A young Chinese biologist whose Conservation Leadership Programme (CLP) internship in 2008 helped inspire him to pursue a career in conservation has been chosen as the recipient of the National Geographic Society’s coveted Emerging Explorer award and the Marsh Award for Terrestrial Conservation Leadership.
In announcing its decision, the National Geographic Society stated that: “Every year, the [Society] goes on a search for the next generation of explorers, individuals who are pushing the boundaries of discovery and innovation…you stood out for your dedication to protecting wildlife and commitment to better understanding human-wildlife conflict. We find your work truly inspiring.”
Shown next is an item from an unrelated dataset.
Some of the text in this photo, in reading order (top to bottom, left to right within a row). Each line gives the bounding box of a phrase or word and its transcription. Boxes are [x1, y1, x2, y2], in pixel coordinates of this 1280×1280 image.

The Marsh Awards, which were presented at the recent summer reception of one of CLP’s partners, Fauna & Flora International (FFI), recognise the efforts of influential conservationists who use their research on threatened species to raise awareness about the issues they face and build lasting programmes to protect them. Accepting the award on Gao’s behalf, CLP Executive Manager Stuart Paterson described him as “a hugely inspirational young man [whose] ambition and motivation to pursue a career in conservation have propelled him in just a few short years to a position where he is heading up an NGO.”
While still an undergraduate, Yufang Gao was selected by CLP for a one-year internship at the Wildlife Conservation Society (WCS). With the support and encouragement of colleagues, he carried out wide-ranging research into the causes of conflict between local communities and endangered species including the Amur tiger, Chinese alligator and brown bear. Gao used his findings as the basis for developing a suite of educational activities to raise awareness about the importance of conserving these species, and presented his results at several high-profile conferences.
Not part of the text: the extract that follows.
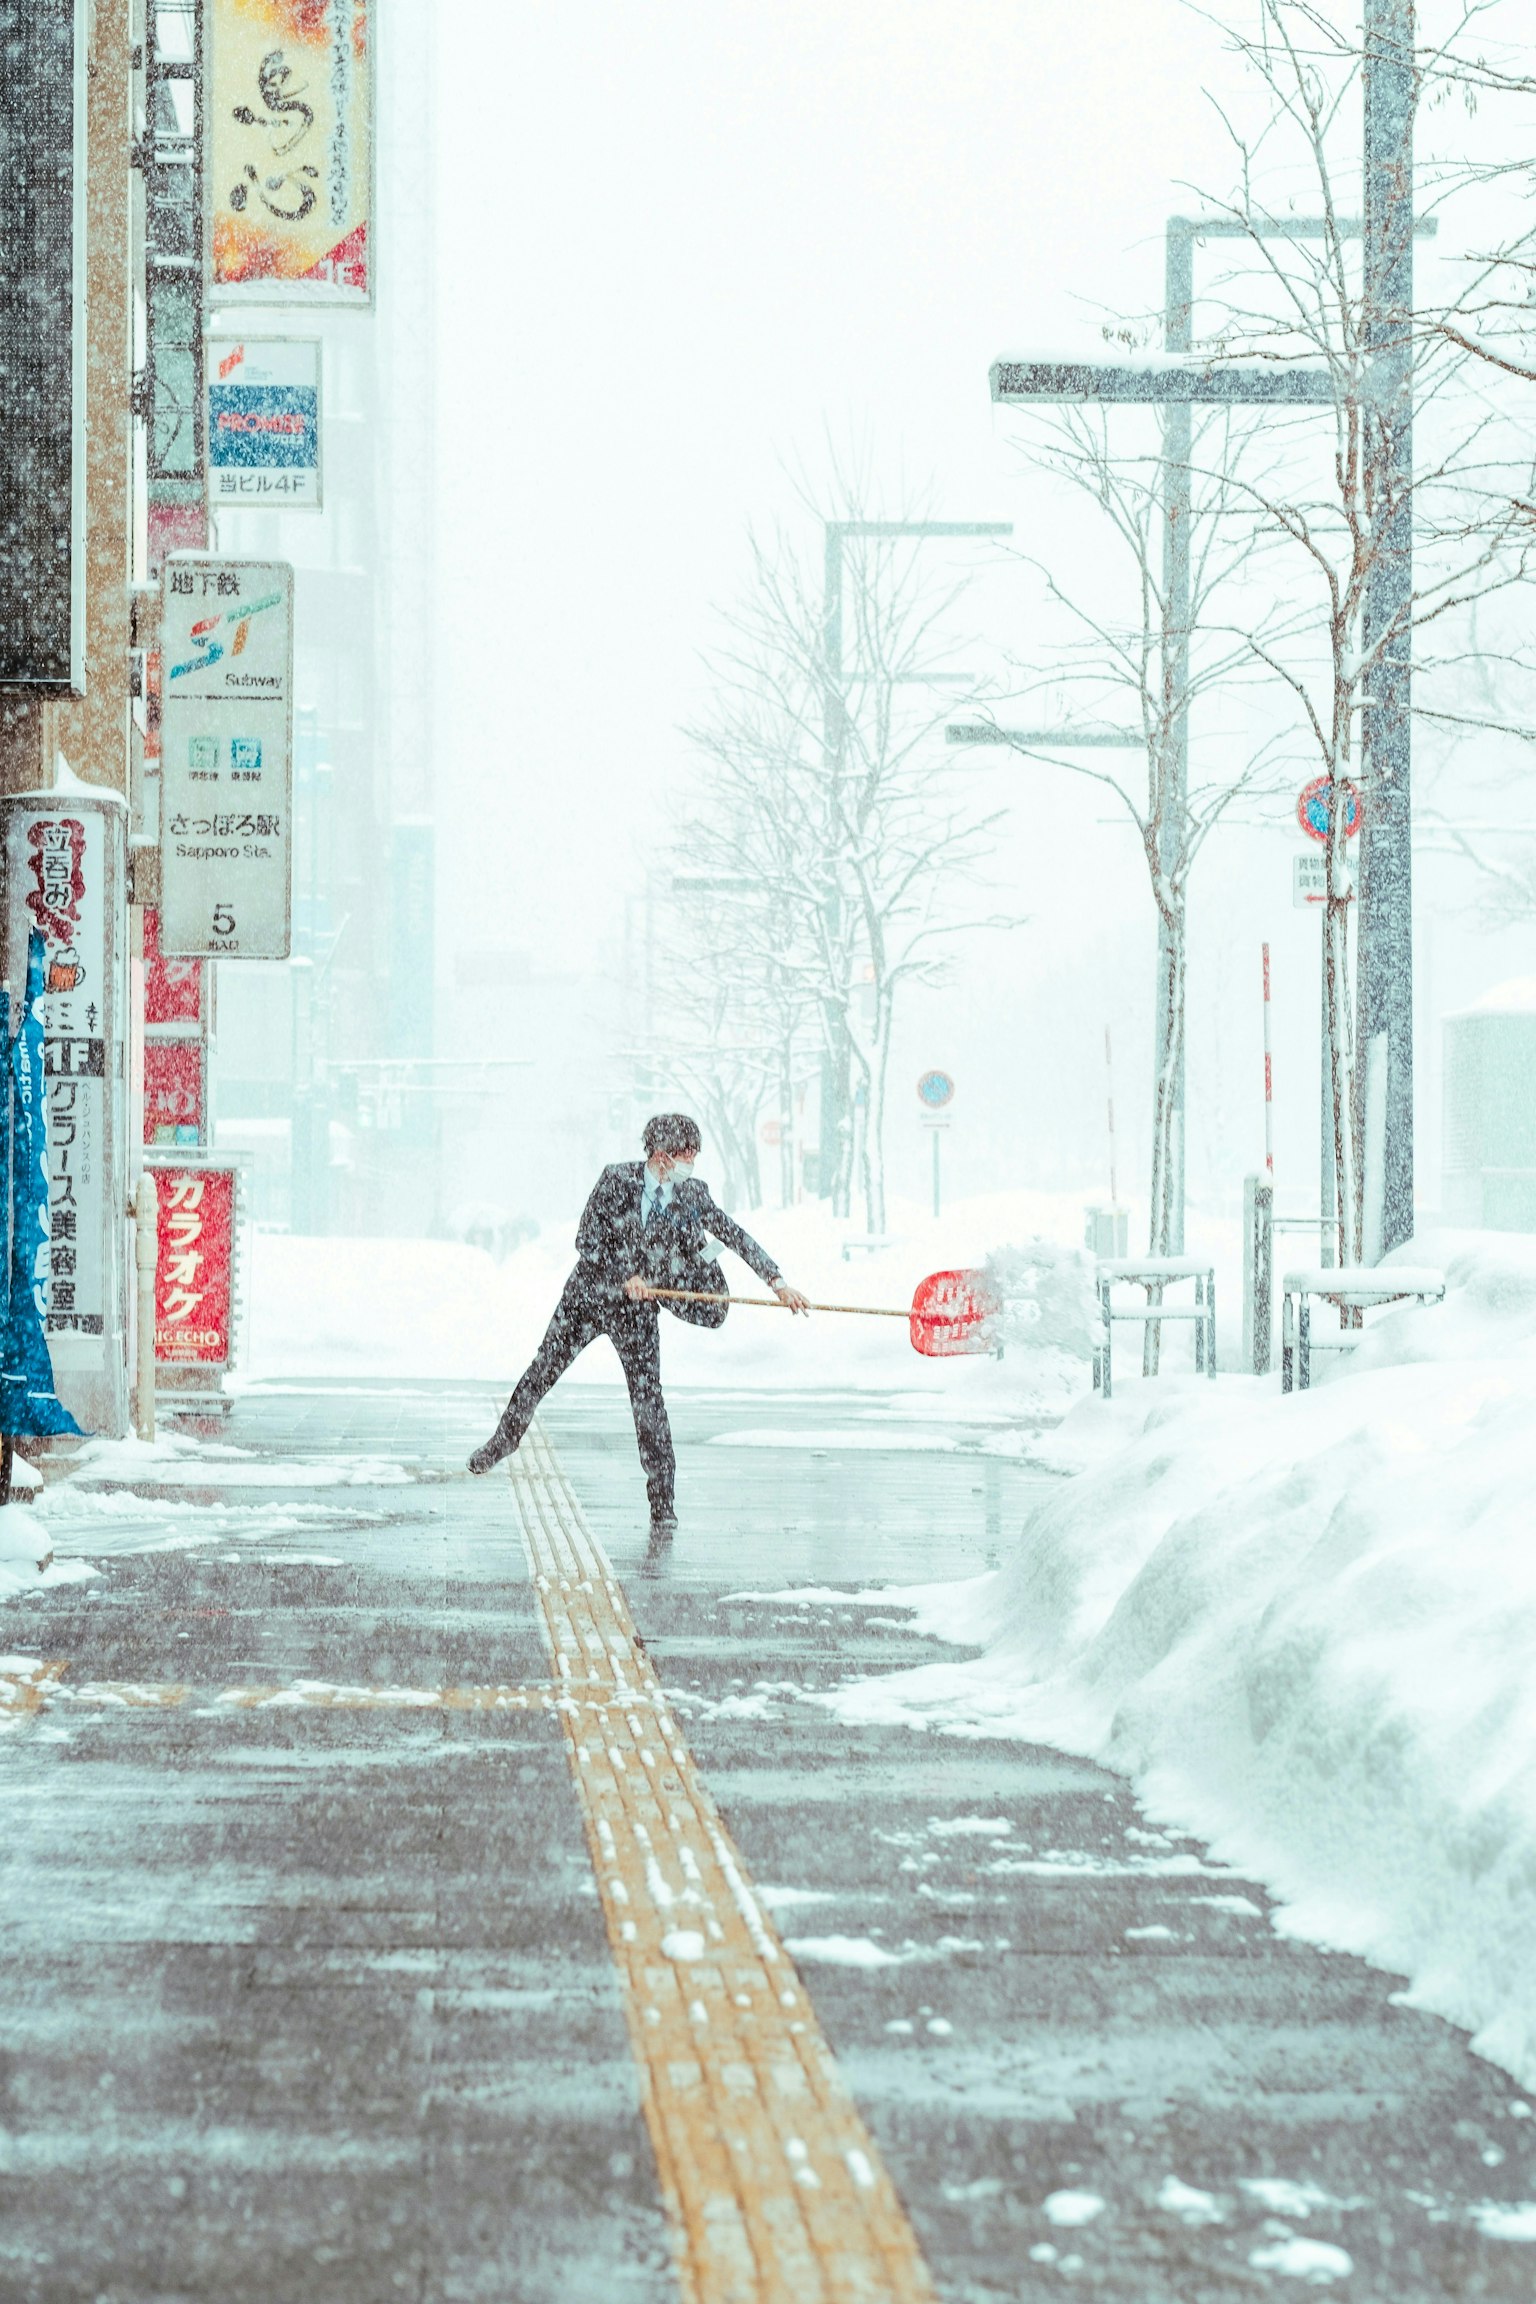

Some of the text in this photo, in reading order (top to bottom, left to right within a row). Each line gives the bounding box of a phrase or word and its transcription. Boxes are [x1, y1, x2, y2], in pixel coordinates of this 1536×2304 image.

Gao is keen to acknowledge CLP’s contribution to his development as a conservationist and has previously expressed his appreciation of its ongoing support: “In my motherland, conservation is seldom considered a possible career path even though conservation practitioners are desperately needed given the tremendous environmental challenges facing China. Because of the CLP internship, I was able to gain significant knowledge and field experience, which reinforced my aspiration of pursuing conservation as a profession.”
In 2011, partly in recognition of his achievements during his internship, Gao was awarded a fellowship by the Shanshui Conservation Centre – widely acknowledged as the most professional Chinese conservation NGO – to spend a year with a group of Tibetan Buddhist monks in a remote village on the eastern Tibetan Plateau, where he tapped into the ecological knowledge of the local indigenous community and helped to manage a local conservation group.
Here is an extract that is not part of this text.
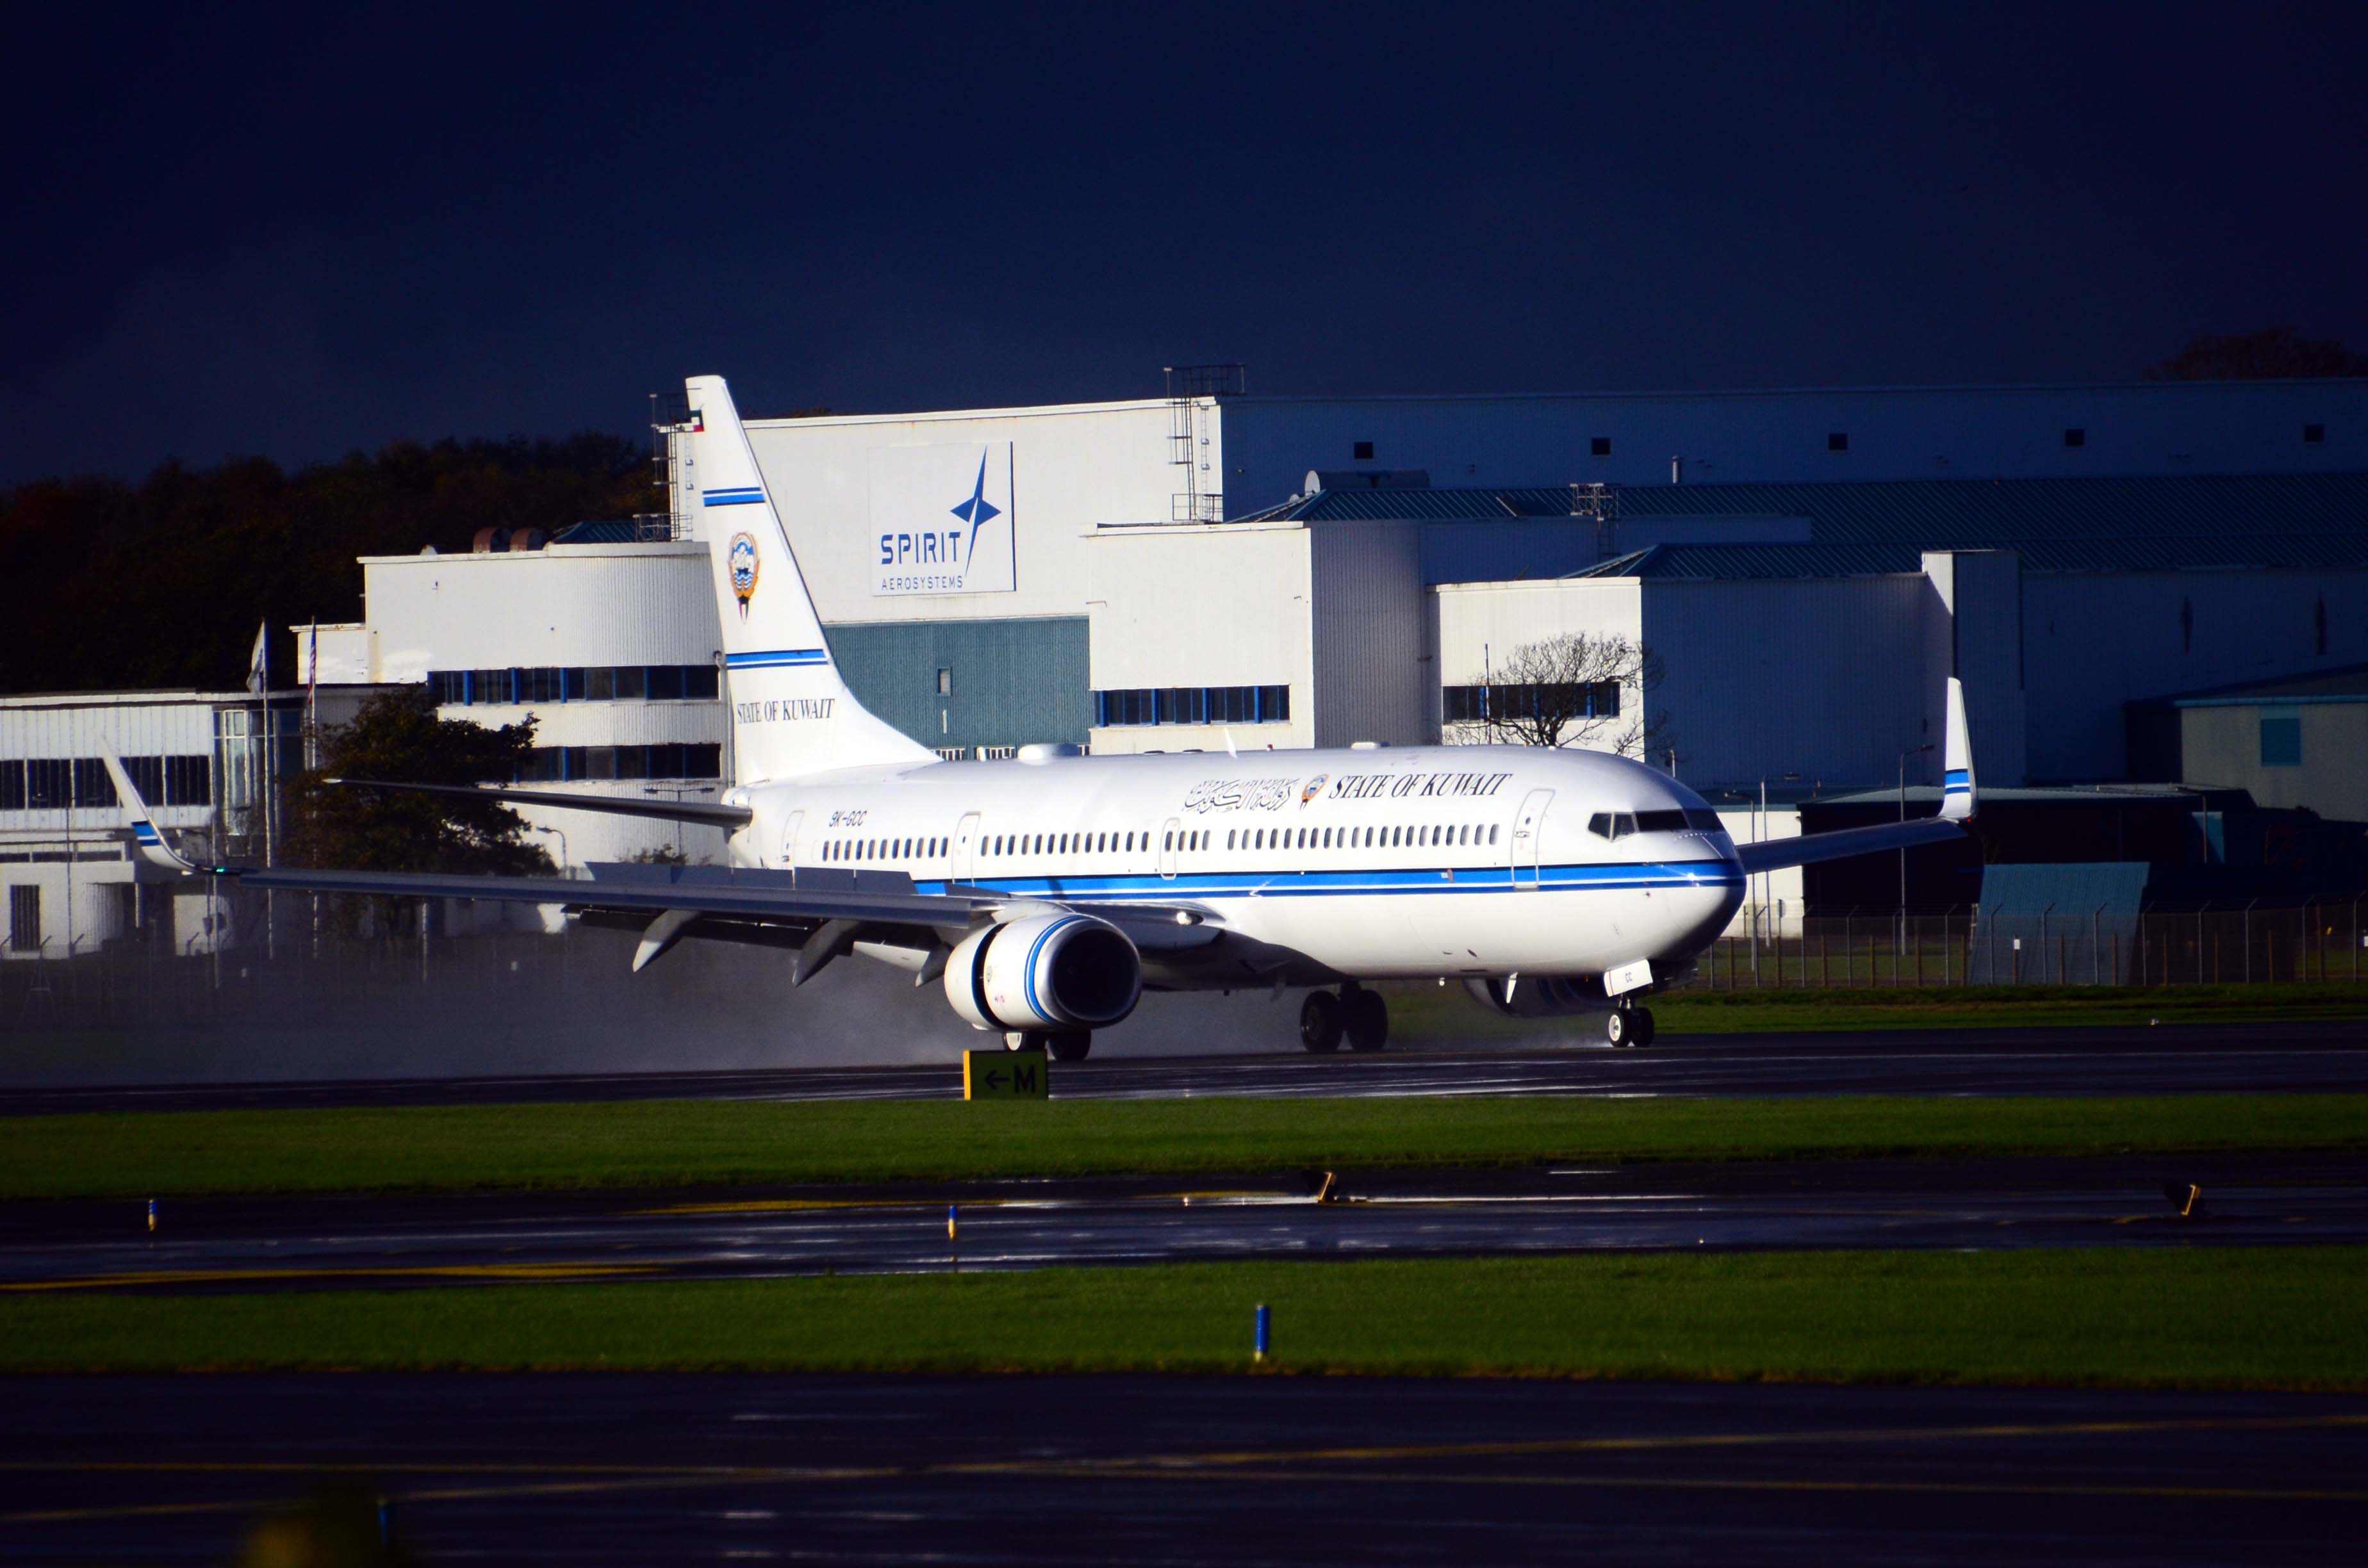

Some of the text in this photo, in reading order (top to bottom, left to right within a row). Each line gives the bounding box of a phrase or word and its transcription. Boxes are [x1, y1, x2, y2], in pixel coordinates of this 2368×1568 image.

The following year, supported by recommendations from Dr George Schaller of WCS and Robyn Dalzen, then of CLP, he was accepted to pursue a master’s degree at Yale University’s School of Forestry & Environmental Studies. In 2013, while Gao was undertaking his master’s research project on the international ivory trade, WCS and CLP were able to offer help with his fieldwork in Asia and Africa by introducing him to potential interviewees in their extensive networks.
Gao hopes that winning these awards will help to raise the profile of his current work on the ivory trade and snow leopard conservation. The Emerging Explorers award comes with a grant of US$10,000 that will provide welcome financial support for future projects. Gao is currently Executive Director at Everest Snow Leopard Conservation Center and Research Affiliate with the Yale Large Carnivore Group. He will be embarking on a PhD back at Yale this autumn.
Gao was not the only CLP alumnus to receive a prestigious Marsh Award in 2016. This year’s winner of the award for Marine Conservation Leadership was Alejandro Fallabrino, who has been fighting illicit trafficking of sea turtles and other endangered species for almost three decades.
Among his many accomplishments, Alejandro is arguably best known as the founder of the Uruguayan NGO Karumbé, a turtle conservation collective that was instrumental in establishing the country’s first Marine Protected Area.
The recipient of three successive CLP grants within the space of six years, culminating in a highly coveted Conservation Leadership Award in 2007, Alejandro is a passionate advocate of environmental education. He has devoted much of his time to training, empowering and enthusing a broad spectrum of people – from students to fishing communities – for the wider benefit of marine conservation.
When asked which conservationists he most admired, Alejandro answered: “All of the human beings who have saved even a single sea turtle.”